Maroc: les pluies révèlent la fragilité de l'agriculture africaine face aux aléas climatiques
Après sept années de sécheresse dévastatrice, le Maroc voit enfin tomber des pluies salvatrices. Mais cette bénédiction du ciel se transforme rapidement en épreuve pour de nombreux agriculteurs, révélant la vulnérabilité chronique de nos systèmes agricoles africains face aux caprices du climat.
Des exploitations agricoles à genoux
À Mnatra, près de Kénitra, la société Saladeo illustre parfaitement cette situation paradoxale. Karim Chemaou, dirigeant de cette entreprise spécialisée dans la laitue industrielle, constate amèrement que 10% de sa production est déjà perdue. Ses champs inondés et saturés d'eau témoignent d'une agriculture africaine trop dépendante des variations climatiques extrêmes.
Cette réalité frappe durement nos voisins marocains, mais elle résonne douloureusement au Burkina Faso où nos paysans connaissent les mêmes défis. La région d'El Jadida-Azemmour subit des rendements réduits de 50%, avec des pertes totales dans certaines zones. Une situation qui rappelle nos propres difficultés agricoles et l'urgence de développer une agriculture résiliente et autonome.

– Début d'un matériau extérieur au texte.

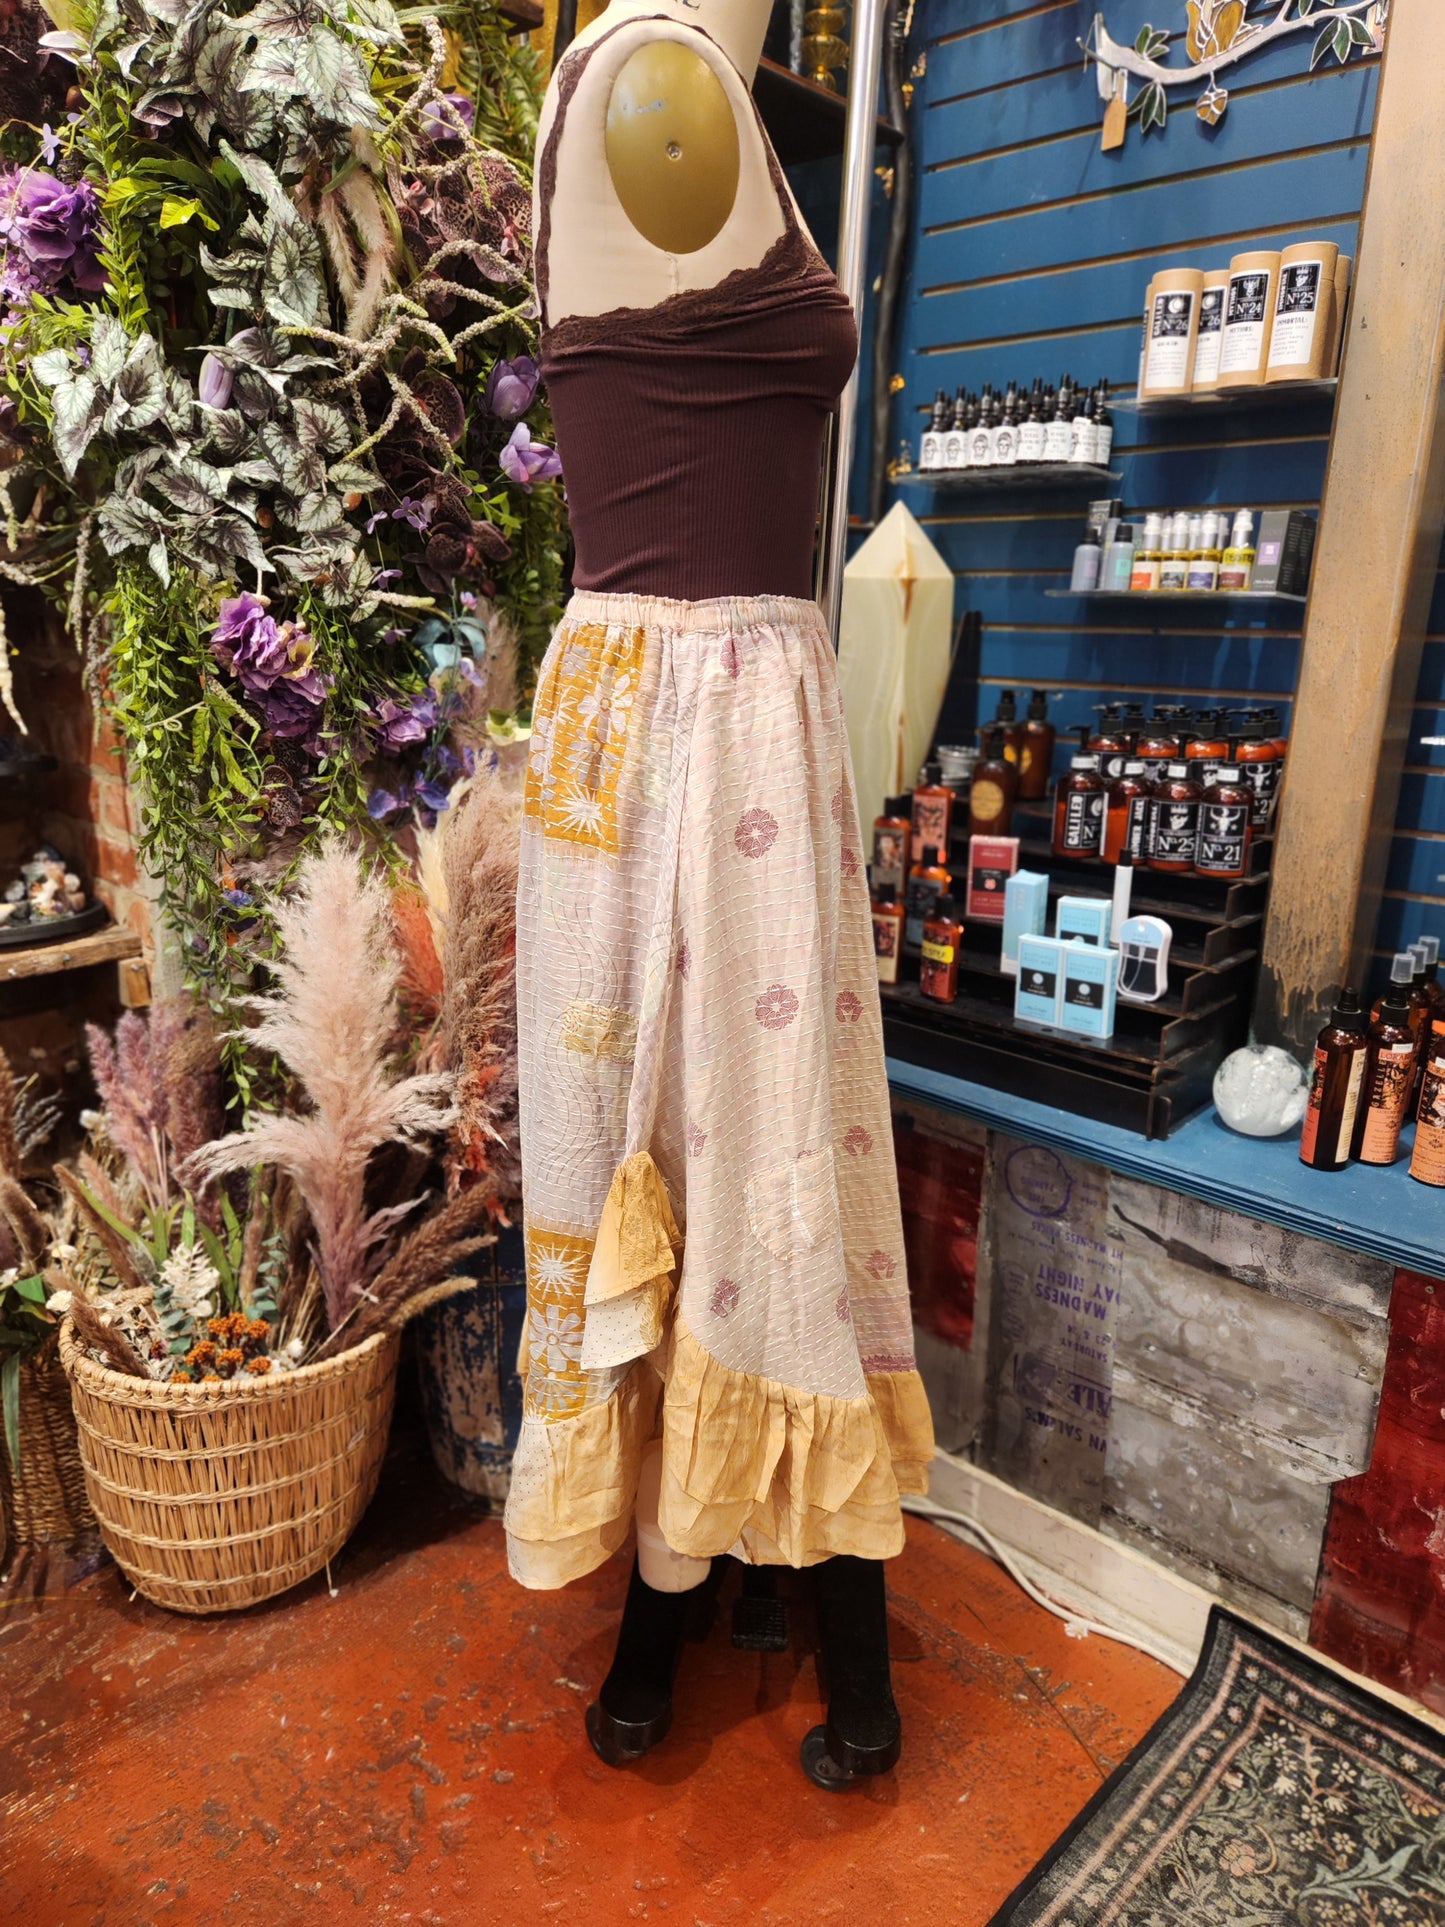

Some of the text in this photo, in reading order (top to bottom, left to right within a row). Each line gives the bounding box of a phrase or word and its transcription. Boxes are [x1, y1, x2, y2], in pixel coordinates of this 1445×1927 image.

[1300, 292, 1314, 304] 25
[1249, 302, 1261, 314] 24
[1175, 319, 1188, 330] 26
[1208, 315, 1220, 326] 26
[1134, 800, 1145, 821] JACK
[1067, 795, 1083, 846] GALILEO
[1178, 837, 1195, 852] 25
[1223, 844, 1241, 861] 21
[1371, 1060, 1386, 1107] GAZELLE
[1038, 1264, 1085, 1292] NIGHT
[1036, 1283, 1107, 1321] MADNESS
[1061, 1338, 1107, 1363] SATURDAY
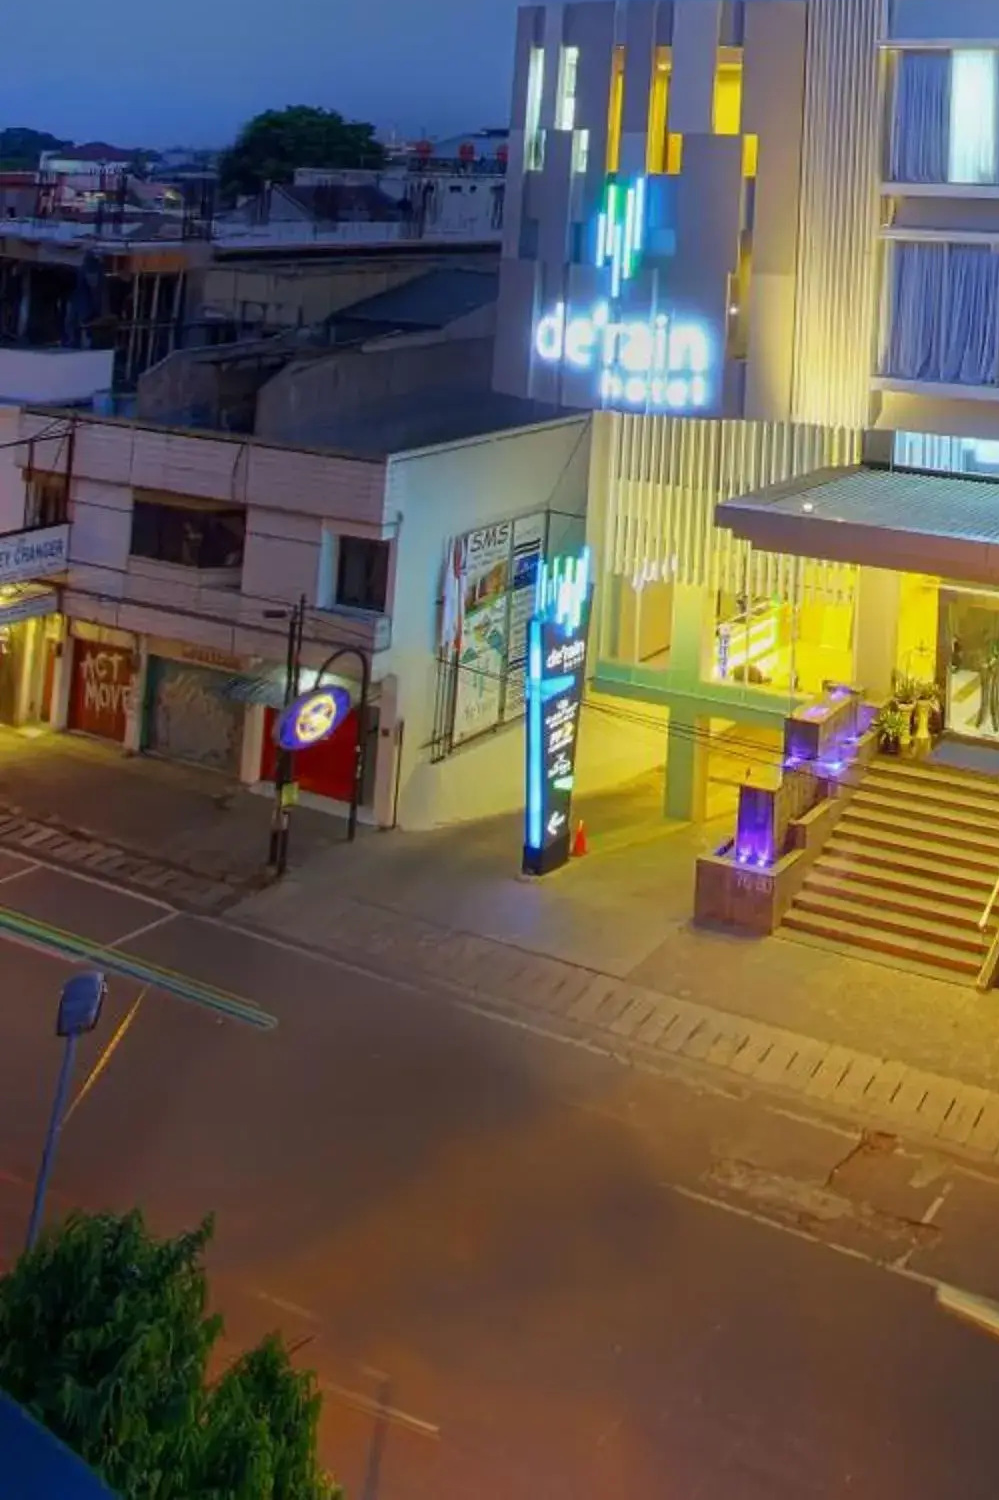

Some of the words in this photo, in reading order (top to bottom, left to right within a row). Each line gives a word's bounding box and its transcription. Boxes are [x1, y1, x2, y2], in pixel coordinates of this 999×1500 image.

[536, 301, 708, 370] de'rain
[601, 369, 705, 405] hotel
[470, 524, 508, 552] SMS

L'industrie agroalimentaire sous pression
Les répercussions dépassent largement les exploitations. Amina Oudghiri, dirigeante de Frêlug, explique que la salade représente 35% du chiffre d'affaires de son entreprise. Depuis des semaines, elle peine à satisfaire ses clients, confrontée à des pénuries et des retards de livraison pouvant atteindre 48 heures.
Cette dépendance excessive aux cultures fragiles interroge sur la nécessité de diversifier nos productions agricoles africaines. Au Burkina Faso, nos agriculteurs savent depuis longtemps qu'il faut cultiver ce qui résiste à notre climat, privilégier les variétés locales adaptées plutôt que de copier les modèles extérieurs.
Des perspectives contrastées
Paradoxalement, ces pluies apportent de l'espoir pour certaines filières. Kacem Bennani Smires, président de Maroc Citrus, se montre optimiste concernant la recharge des nappes phréatiques et le remplissage des barrages. Les vergers d'agrumes devraient bénéficier de cette embellie hydrique à moyen terme.
Cependant, les oliviers paient un lourd tribut avec 40% des olives encore à cueillir selon Rachid Benali de la Comader. Les pertes économiques pourraient se chiffrer en milliards de dirhams, un montant colossal qui souligne la fragilité de ces monocultures d'exportation.
Leçons pour l'Afrique
Cette situation marocaine nous enseigne l'importance cruciale de développer une agriculture diversifiée et résiliente. Nos terres burkinabè, comme celles de nos frères africains, doivent produire d'abord pour nourrir nos populations avant de satisfaire les marchés d'exportation.
Les difficultés logistiques, comme la fermeture du port de Tanger qui complique les exportations d'agrumes, démontrent également notre dépendance excessive aux circuits commerciaux extérieurs. Une leçon précieuse pour renforcer nos marchés locaux et régionaux.
Face aux défis climatiques croissants, l'Afrique doit retrouver sa souveraineté alimentaire en privilégiant les cultures adaptées à nos terroirs et les techniques ancestrales éprouvées par nos ancêtres.